La start-up Micropep développe des peptides permettant de moduler temporairement la régulation des gènes des plantes, afin de favoriser leur croissance et leur résistance aux pathogènes sans modifier leur génome. Les robots de désherbage comme celui de Naïo Technologies ou de Vitirover sont des solutions de remplacement du glyphosate, dans certaines cultures.
Enfin, l’agriculture urbaine en circuit court s’affranchit des produits chimiques par un environnement parfaitement contrôlé. La ferme en containers Agricool offre des fraises « zéro-pesticide », tout en diminuant de 90% l’apport en eau nécessaire par culture en hydroponie. Upcycle, allie économie circulaire et agriculture urbaine en utilisant les déchets alimentaires collectés pour les composter et faire pousser des fruits et légumes.
le soutien à l’innovation dans le secteur agroalimentaire en 2017-2018
PROTÉINES DU FUTUR, EMPREINTE ÉCOLOGIQUE MAÎTRISÉE
Avec la généralisation du modèle d’alimentation flexitariste, consistant à limiter sa consommation de viande et de poisson, les alternatives végétales suscitent un fort intérêt. Lauréat du Concours mondial de l’innovation (CMI) en 2015, le projet de la coopérative Tereos « GenVie» a conduit à la réalisation d’une usine pilote pour produire un “sauté végétal“ à base de protéines de blé et de pois chiches.
Hari&Co, également lauréat du CMI, propose désormais plusieurs gammes de préparations à base de légumineuses françaises et bio. Si les légumineuses sont riches en protéines, entre autres qualités nutritionnelles, leur digestibilité peut être un facteur limitant leur consommation. Pour y remédier, Nutrinat, en partenariat avec l’INRA, a développé un procédé de germination des légumineuses permettant de diminuer l’inconfort digestif et d’augmenter l’assimilabilité des nutriments.
Innovation de rupture, la viande cultivée est une viande développée à partir de cellules souches animales, en alternative à l’élevage et à l’abattage. Si cette technologie est prometteuse, elle nécessite encore quelques années de développement avant d’at-teindre nos assiettes. Supreme ambitionne de développer un foie gras à partir de cellules souches de canard.

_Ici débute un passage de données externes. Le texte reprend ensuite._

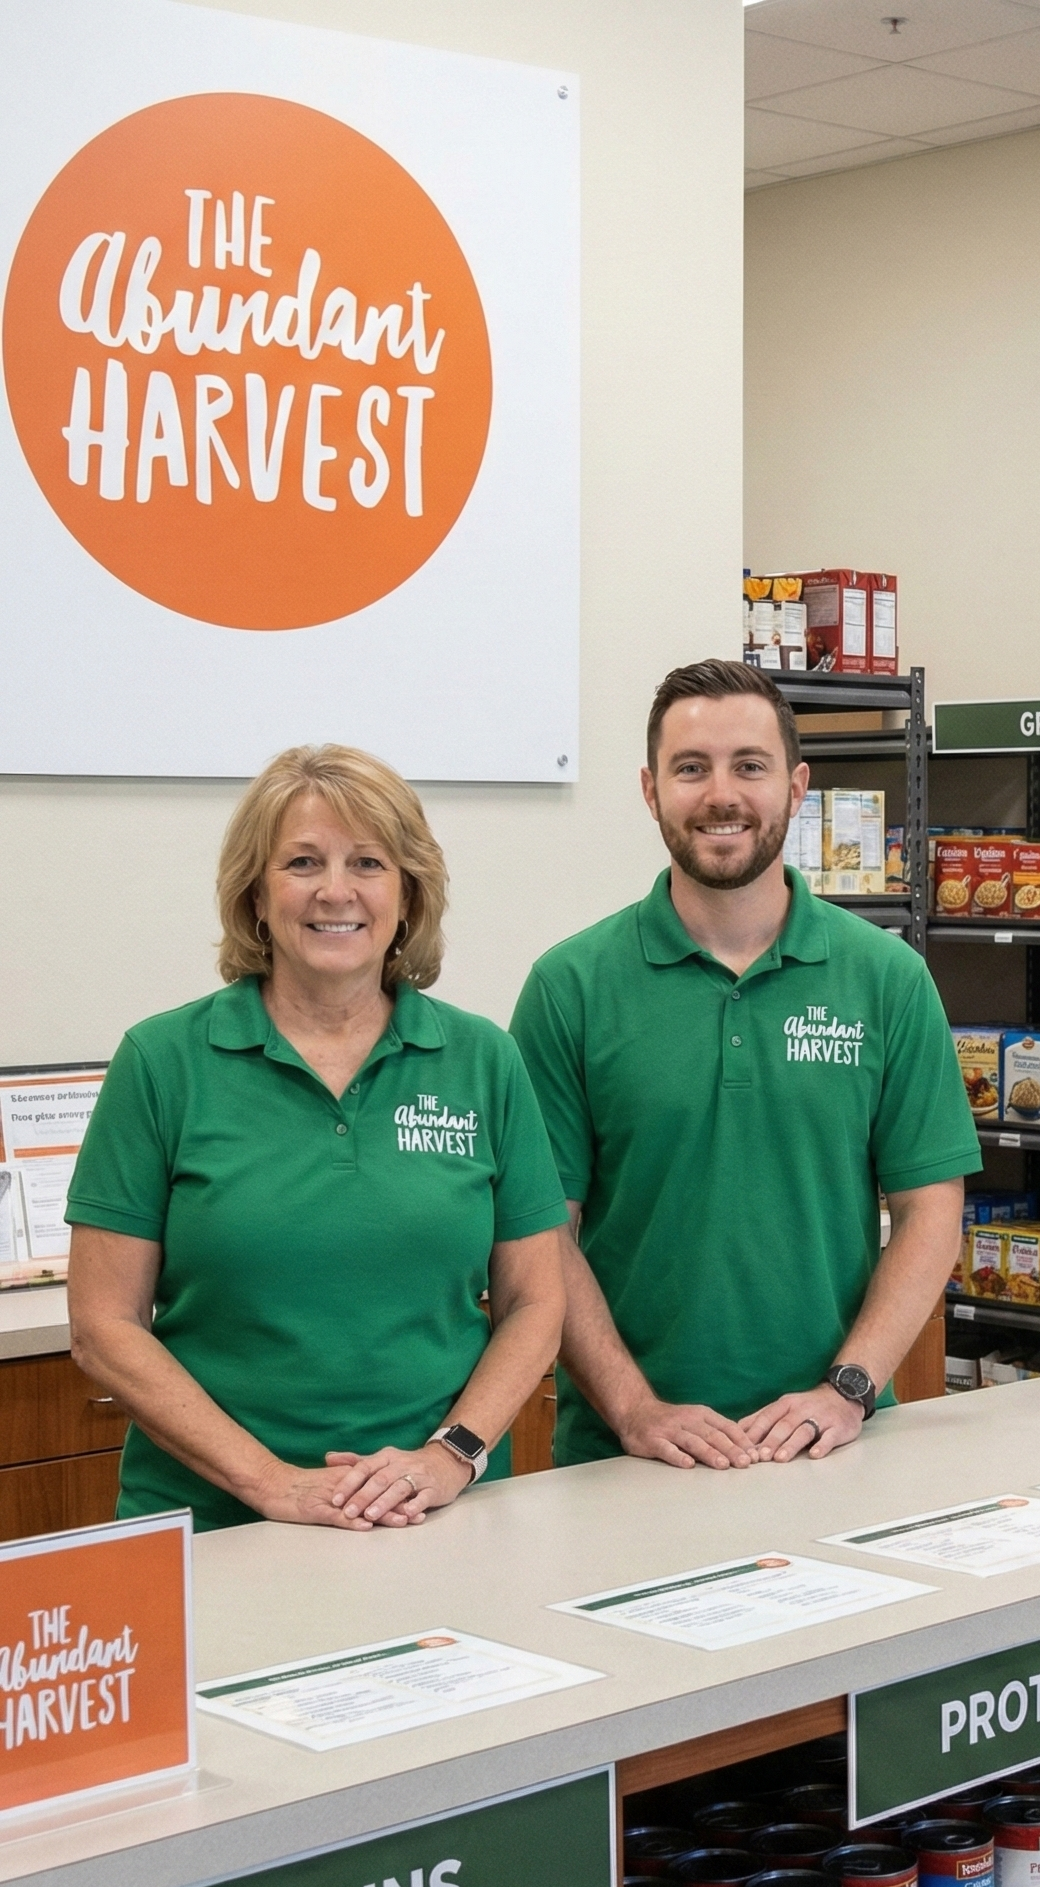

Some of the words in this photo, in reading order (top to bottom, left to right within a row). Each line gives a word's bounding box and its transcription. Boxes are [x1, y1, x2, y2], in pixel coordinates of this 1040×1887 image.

[184, 188, 275, 277] THE
[59, 231, 446, 375] Abundant
[62, 358, 436, 517] HARVEST
[806, 1005, 828, 1021] THE
[787, 1037, 863, 1067] HARVEST
[416, 1093, 440, 1111] THE
[397, 1127, 477, 1157] HARVEST
[28, 1604, 72, 1650] THE
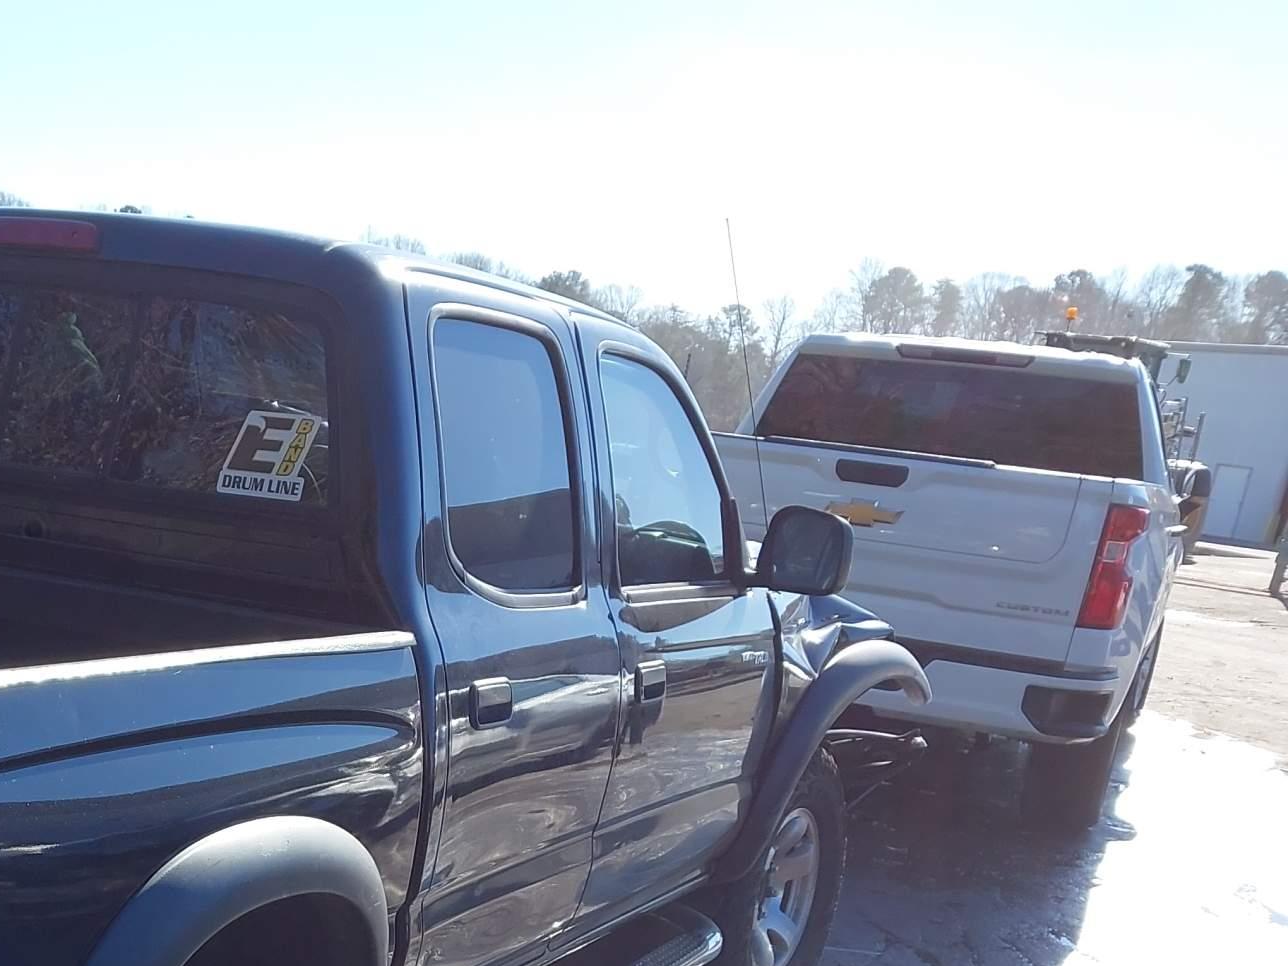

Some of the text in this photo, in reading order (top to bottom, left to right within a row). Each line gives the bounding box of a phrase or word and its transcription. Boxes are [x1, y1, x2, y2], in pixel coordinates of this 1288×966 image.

[228, 416, 296, 473] E
[276, 419, 315, 476] BAND
[222, 474, 301, 496] DRUM LINE
[996, 601, 1070, 616] CUSTOM
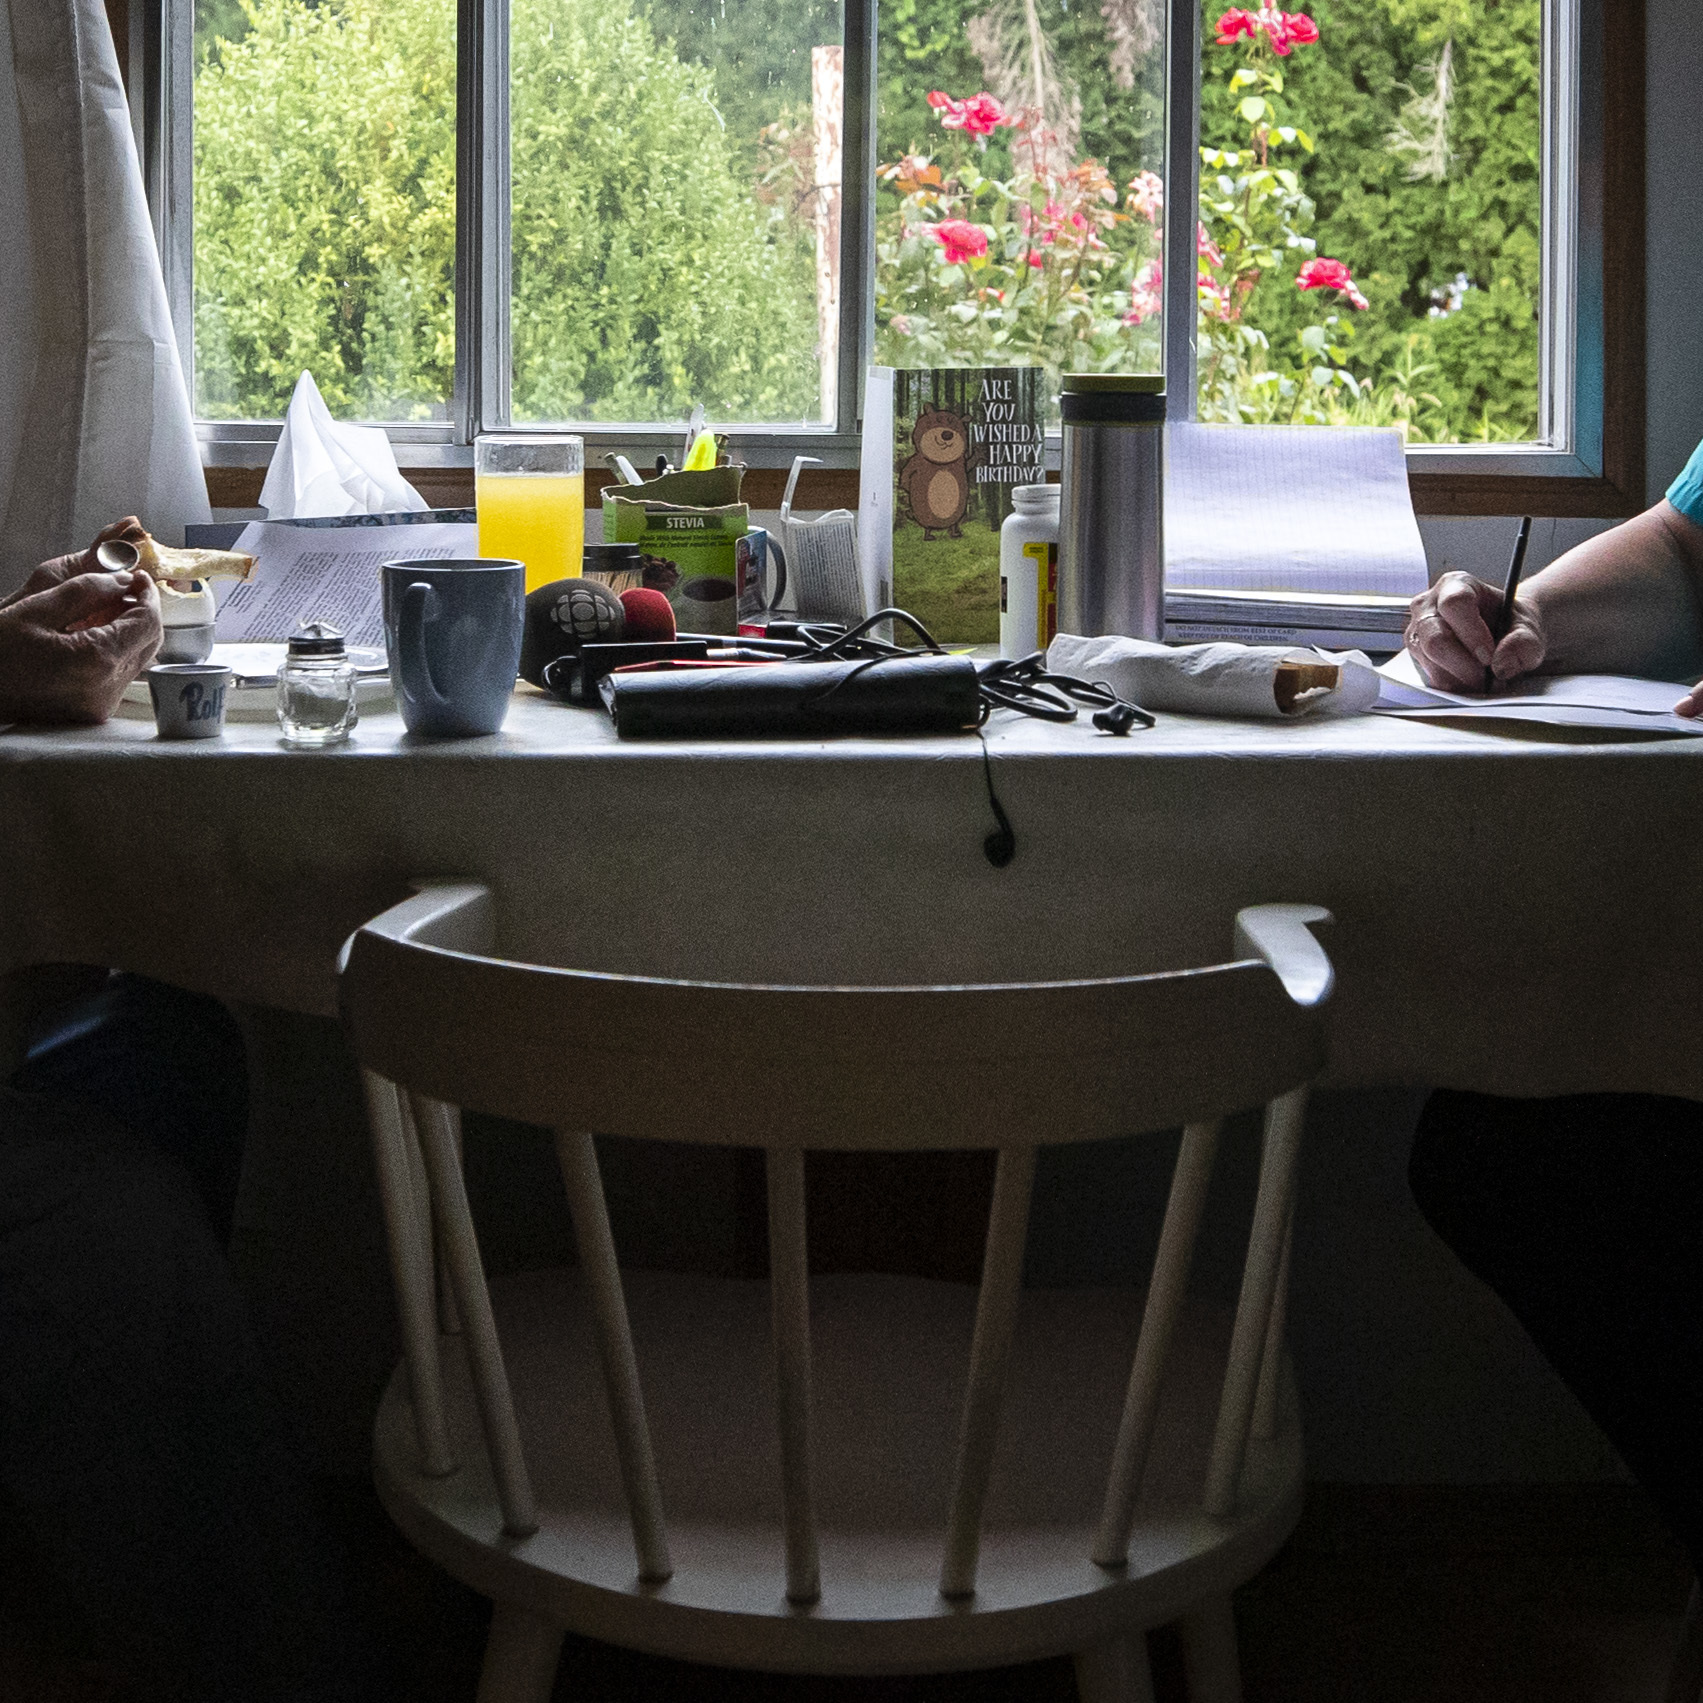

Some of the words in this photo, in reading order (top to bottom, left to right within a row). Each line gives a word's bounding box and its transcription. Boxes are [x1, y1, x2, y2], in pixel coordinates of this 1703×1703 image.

Les protéines du futur concernent également l’alimentation animale, en alternative notamment au soja d’importation. Le projet Proleval, porté par la PME Valorex, les coopératives Dijon Céréales et Terrena ainsi que l’INRA, a pour objectif de dynamiser la filière des oléo-protéagineux français : féverole, lupin, pois et lin. Il a donné lieu à un site de production pilote afin de trans-former ces graines pour les rendre plus assimilables et nutritives pour les animaux.
Par ailleurs, la Commission Européenne a autorisé en 2017 l’usage des insectes dans l’alimentation aquacole, en vue de réduire la pêche minotière (i.e. petits poissons pêchés en grande quantité pour nourrir les poissons d’élevage). Dans ce contexte, des start-ups industrialisent leur production pour répondre à une forte demande mondiale, Ynsect a notamment réalisé une levée de fonds record dans cet objectif, suivie de près par Innovafeed.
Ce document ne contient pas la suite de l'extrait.